A conclusão definitiva sobre a continuidade das empresas rurais é que a harmonia familiar vale tanto quanto a produtividade da terra, aponta Parajara Moraes Alves Junior. O protocolo familiar funciona como uma constituição privada que separa os interesses emocionais da gestão profissional da exploração agrícola. Sem regras claras de convivência e sucessão, o risco de fragmentação do património aumenta a cada geração.
O planeamento fiscal rural deve, por isso, caminhar lado a lado com a governação, para evitar que a carga fiscal da Reforma Tributária no agronegócio destrua o legado construído com esforço. Continue a leitura para compreender como profissionalizar a sua sucessão e garantir que a sua holding familiar rural seja um instrumento de união, e não de conflito.
Por que motivo o protocolo familiar é o escudo do agronegócio?

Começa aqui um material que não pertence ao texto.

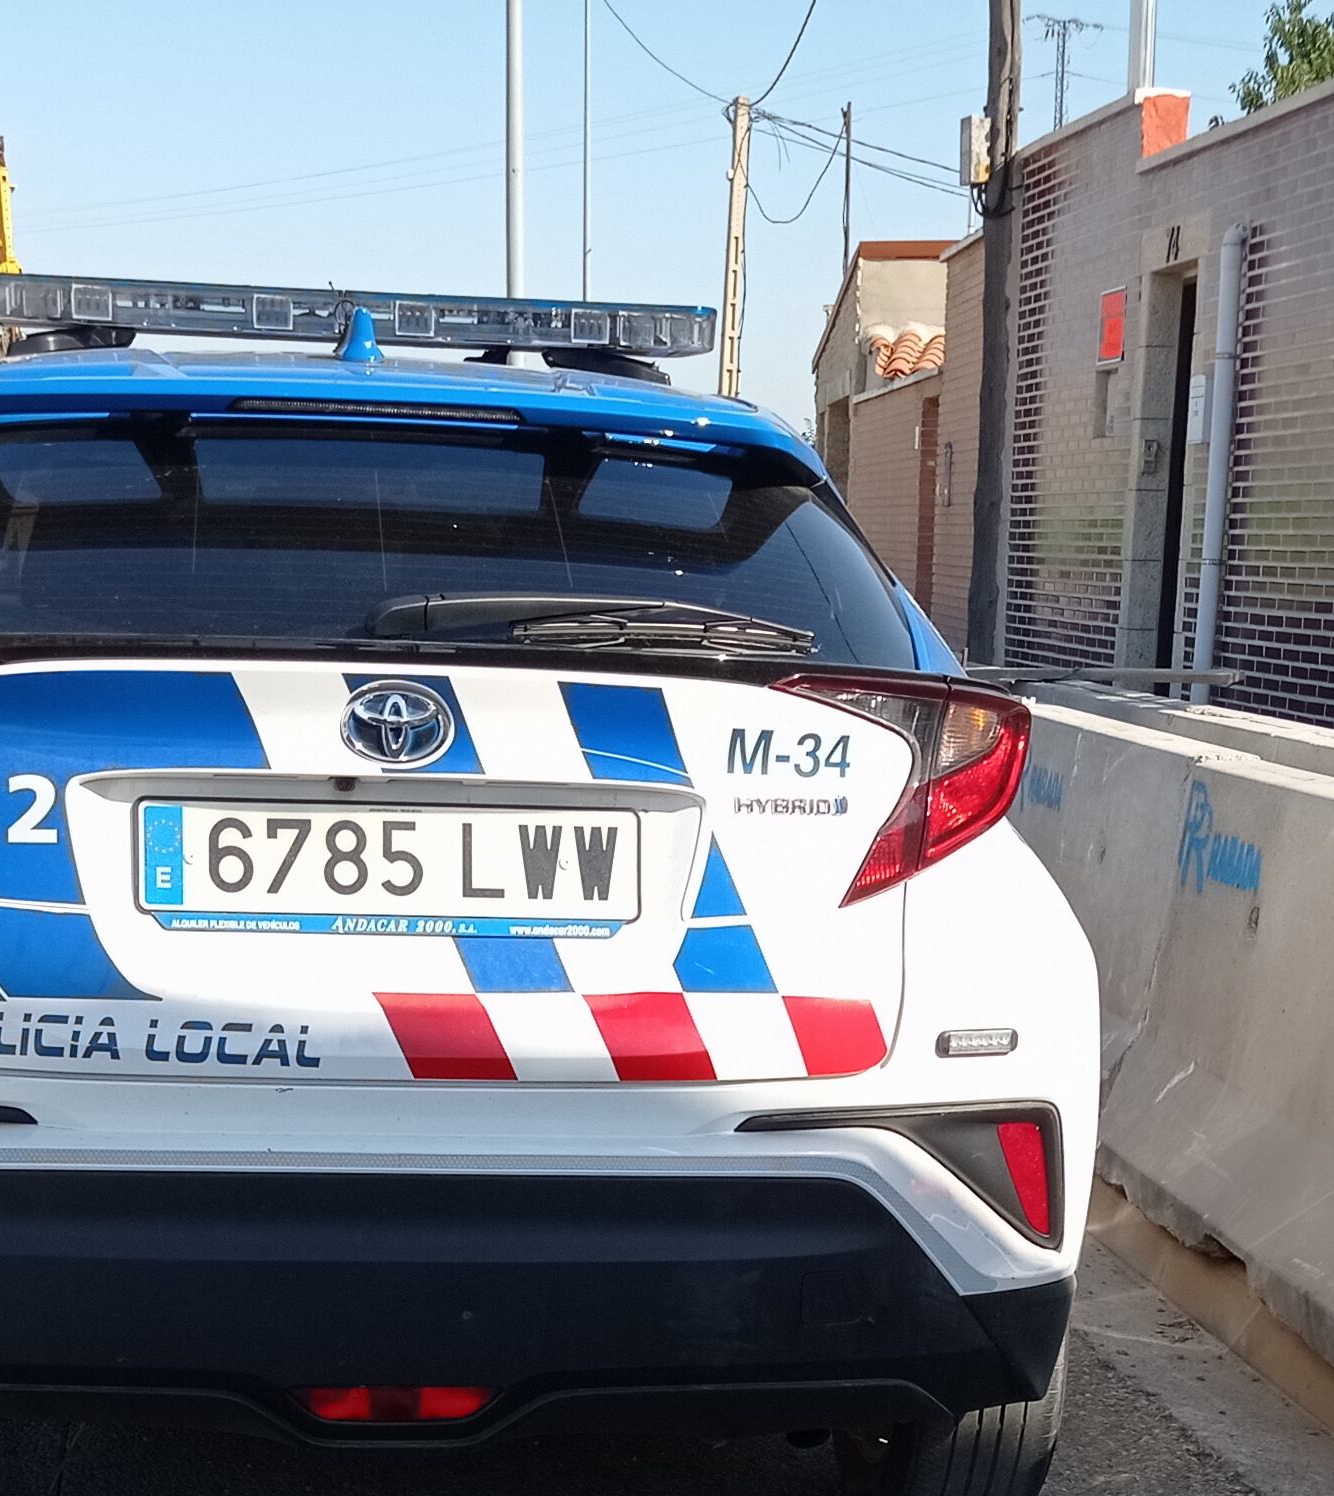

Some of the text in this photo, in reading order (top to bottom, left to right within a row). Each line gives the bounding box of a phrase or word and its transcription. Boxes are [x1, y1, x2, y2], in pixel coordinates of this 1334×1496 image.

[727, 728, 850, 778] M-34
[734, 797, 831, 816] HYBRID
[208, 817, 618, 901] 6785 LWW
[156, 867, 172, 888] E
[331, 915, 408, 934] ANDACAR
[509, 923, 612, 937] www.andacar2000.com
[145, 1019, 321, 1068] LOCAL

Para muitas famílias, a sucessão resume-se a um ato notarial, mas, na verdade, este processo é tanto cultural quanto administrativo. De acordo com Parajara Moraes Alves Junior, o protocolo familiar é um documento simultaneamente ético e jurídico, no qual os membros da família estabelecem como será feita a interação entre os familiares e a empresa rural.

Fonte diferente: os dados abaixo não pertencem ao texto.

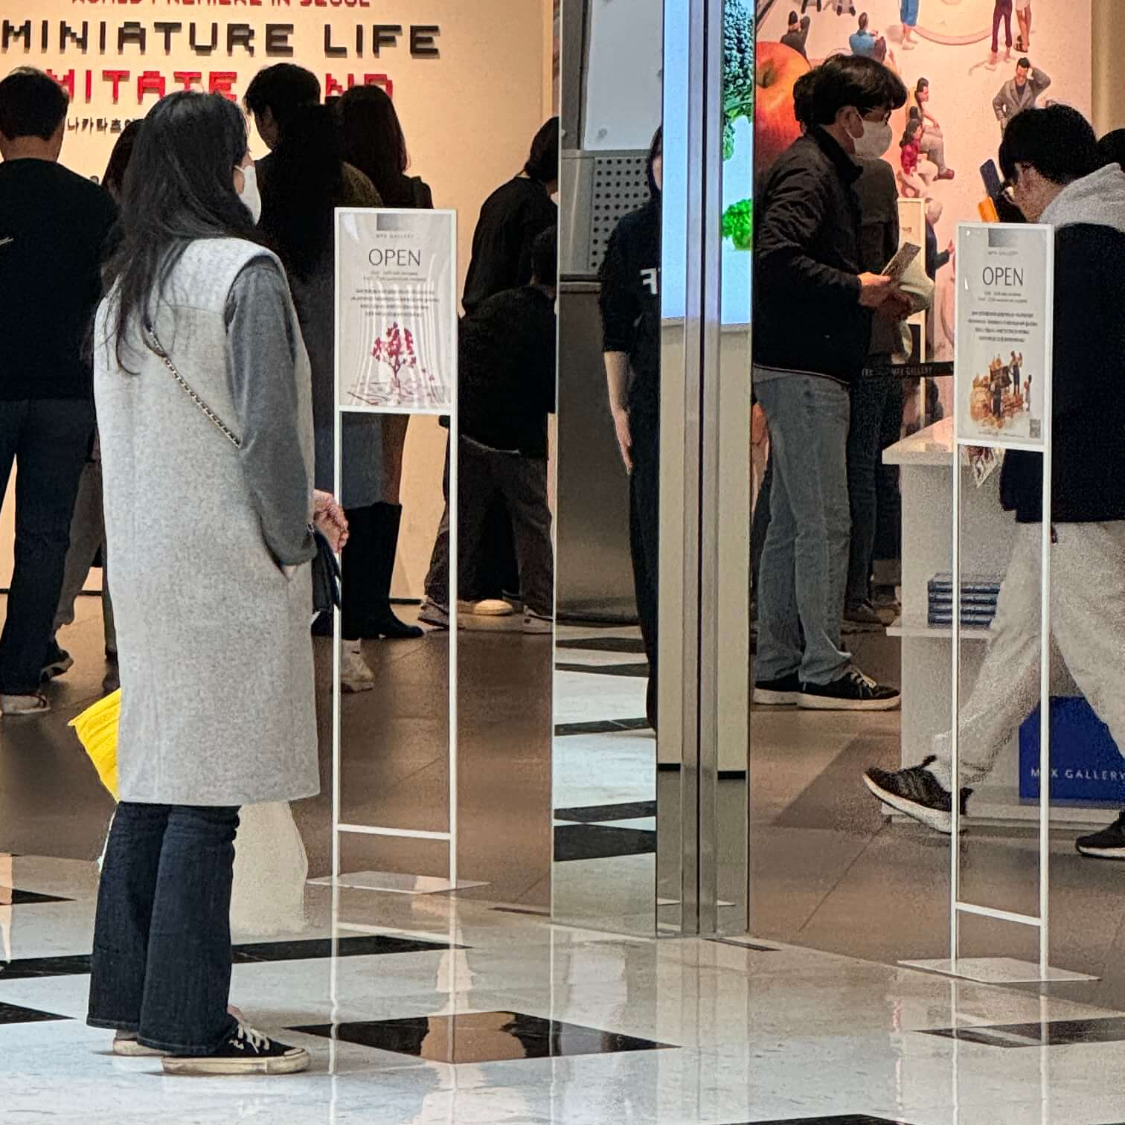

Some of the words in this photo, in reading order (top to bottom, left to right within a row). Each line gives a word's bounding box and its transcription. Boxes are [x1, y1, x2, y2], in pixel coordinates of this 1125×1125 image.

[1, 19, 295, 57] MINIATURE
[323, 23, 440, 59] LIFE
[368, 248, 421, 266] OPEN
[982, 266, 1024, 286] OPEN
[1030, 768, 1059, 779] MX
[1064, 768, 1125, 782] GALLERY

O documento define regras sobre quem pode trabalhar na propriedade, a forma de distribuição dos lucros e quais os princípios inegociáveis para o grupo. Isto evita que questões familiares interfiram nas decisões estratégicas da colheita. A ausência de um acordo prévio provoca frequentemente disputas quando herdeiros que não trabalham na empresa exigem dividendos que a operação não consegue suportar.